Il faut savourer l’instant T

1242

Thomas Tuchel est en train de réussir sa prise de poste à la tête de l’effectif professionnel du PSG.

Instant T comme Thomas ou Tuchel, c’est au choix. Petite claque sur les fesses, clin d’œil, petits bisous, câlins. On pourrait croire le croire sortir tout droit du directoire du Fucking Blue Boy mais il n’en est rien. Ainsi est Thomas Tuchel, du moins une composante de style de management. Si le PSG était un établissement scolaire, Unaï Emery aurait été le professeur excellent dans ce qu’il sait faire mais qui n’arrive pas toujours à faire passer son message. Tuchel lui serait celui qu’il faut avoir croisé au moins une fois dans sa vie. A mi-chemin entre l’éducateur et le « prof » où il règne dans sa classe une attention des plus absolues avec aucune absence injustifiée à déplorer tout au long de l’année. Du jeune rebelle (Rabiot) au surdoué qui vouloir être ailleurs (Neymar) c’est un peu Michelle Pfeiffer dans Dangerous Minds le père Thomas.

Aujourd’hui quelque chose est en train de se passer au sein de l’effectif professionnel. L’implication est certaine et la débauche d’énergie semble devenir un incontournable depuis la claque « reds » vif reçu à Anfield. Parce que gagner cette équipe savait le faire mais le score ne dit pas toujours tout sur le scénario d’un match. Le sport c’est aussi comment tu gagnes et c’est aussi ce qui te fait rentrer dans l’histoire. Un adversaire qui sait que tu ne vas rien lâcher, c’est une bonne partie de ses certitudes qui sont entamées.

On nous avait vendu Tuchel comme étant un technicien capable de vite s’adapter, d’innover, de proposer… le moins que l’on puisse dire c’est que nous sommes servis. Ce n’est pas faire dans la supposition que de penser que le mercato a connu des manques sur certains secteurs de jeu. Le coach parisien l’a concédé lui-même qu’il n’en était pas 100% satisfait. Toujours est-il qu’il en a pris acte en proposant du bricolage au premier abord mais qui dira que la dernière prestation de Marquinhos au milieu de terrain n’était pas de haut niveau. Tuchel a osé le faire et le joueur lui-même a du se demander lors du match contre Nice si il n’était pas en train de se découvrir une nouvelle carrière. La jeunesse, souvent impatiente semble conquise et prête à travailler dur pour rester sous l’apprentissage du nouveau boss parisien. Tous les voyants sont au vert avant d’affronter Lyon. Les lyonnais qui s’ils ont la tête à l’endroit constituent peut être l’équipe de Ligue 1 la plus à même de poser des problèmes au PSG. En cas de succès avec la manière et surtout l’implication, on dira alors que Tuchel a réussi à imprimer sa philosophie et son investissement collectif à un effectif installé dans le confort depuis trop longtemps.

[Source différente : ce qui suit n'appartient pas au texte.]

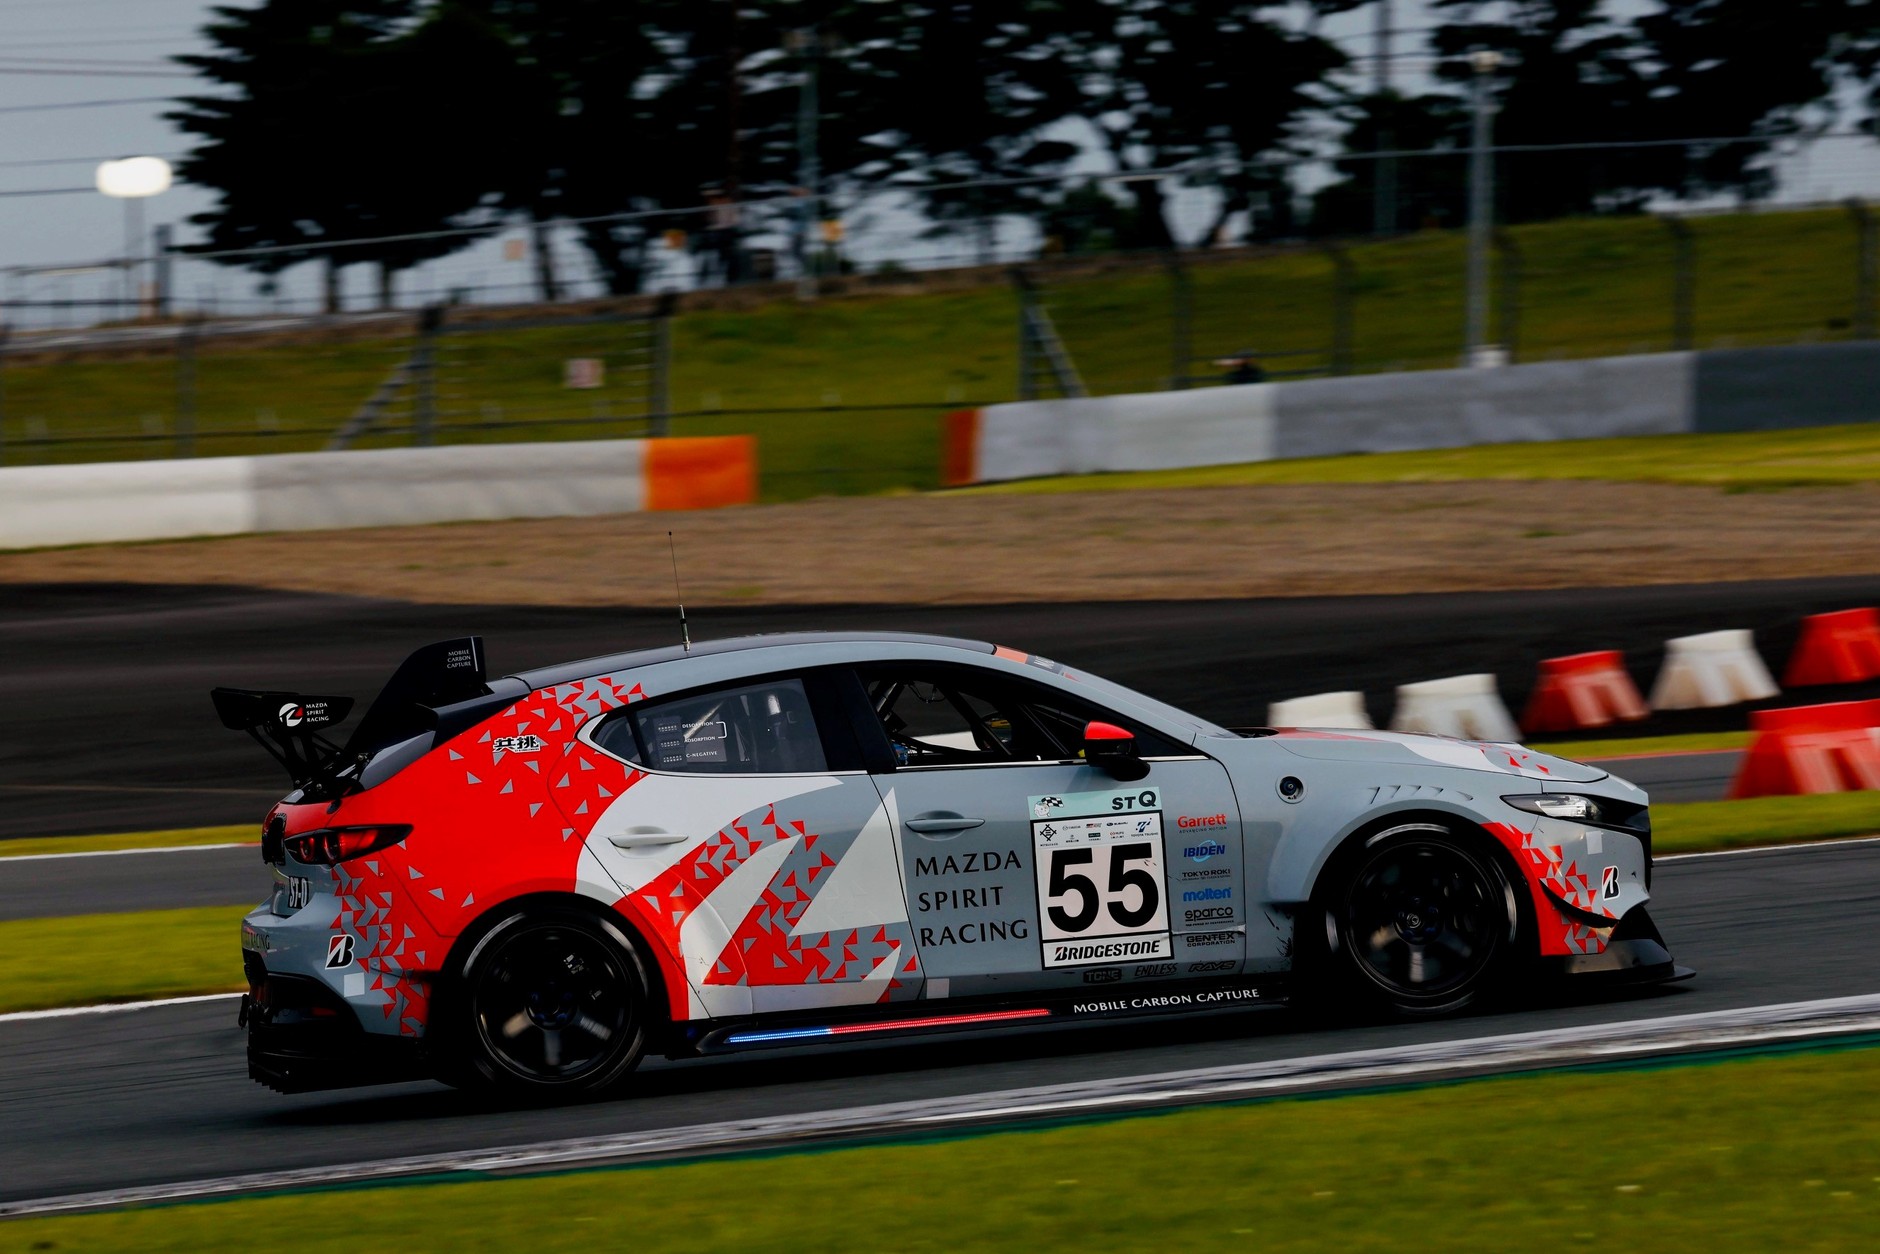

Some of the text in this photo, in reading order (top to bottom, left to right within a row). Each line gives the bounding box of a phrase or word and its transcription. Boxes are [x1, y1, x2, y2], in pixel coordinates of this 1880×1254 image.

[446, 661, 471, 669] CAPTURE
[447, 655, 471, 663] CARBON
[306, 715, 330, 723] RACING
[682, 721, 714, 729] DESOTION
[1177, 813, 1227, 829] Garrett
[1183, 844, 1226, 858] IBIDEN
[915, 849, 1023, 877] MAZDA
[1182, 869, 1210, 878] TOKYO
[1210, 868, 1231, 876] ROKI
[1047, 842, 1160, 933] 55
[1182, 887, 1232, 901] molten
[918, 886, 1004, 912] SPIRIT
[1184, 906, 1234, 921] sparco
[919, 919, 1029, 948] RACING
[1186, 931, 1235, 943] GENTEX
[1054, 940, 1161, 962] BRIDGESTONE
[1186, 940, 1236, 948] CORPORATION
[1134, 962, 1179, 979] ENDLESS
[1188, 960, 1236, 973] RAYS
[1073, 988, 1260, 1014] MOBILE CARBON CAPTURE

N’en déplaise à Willy Sagnol qui trouve « too much » l’attitude de l’ancien entraineur du Borussia Dortmund. Qu’importe la flagornerie si celle-ci permet de fédérer un groupe qui le lui rendra par des résultats et des attitudes positives et conquérantes. Aujourd’hui, cela semble bien parti pour fonctionner même en cas de défaite. On a quand même le droit de savourer hein.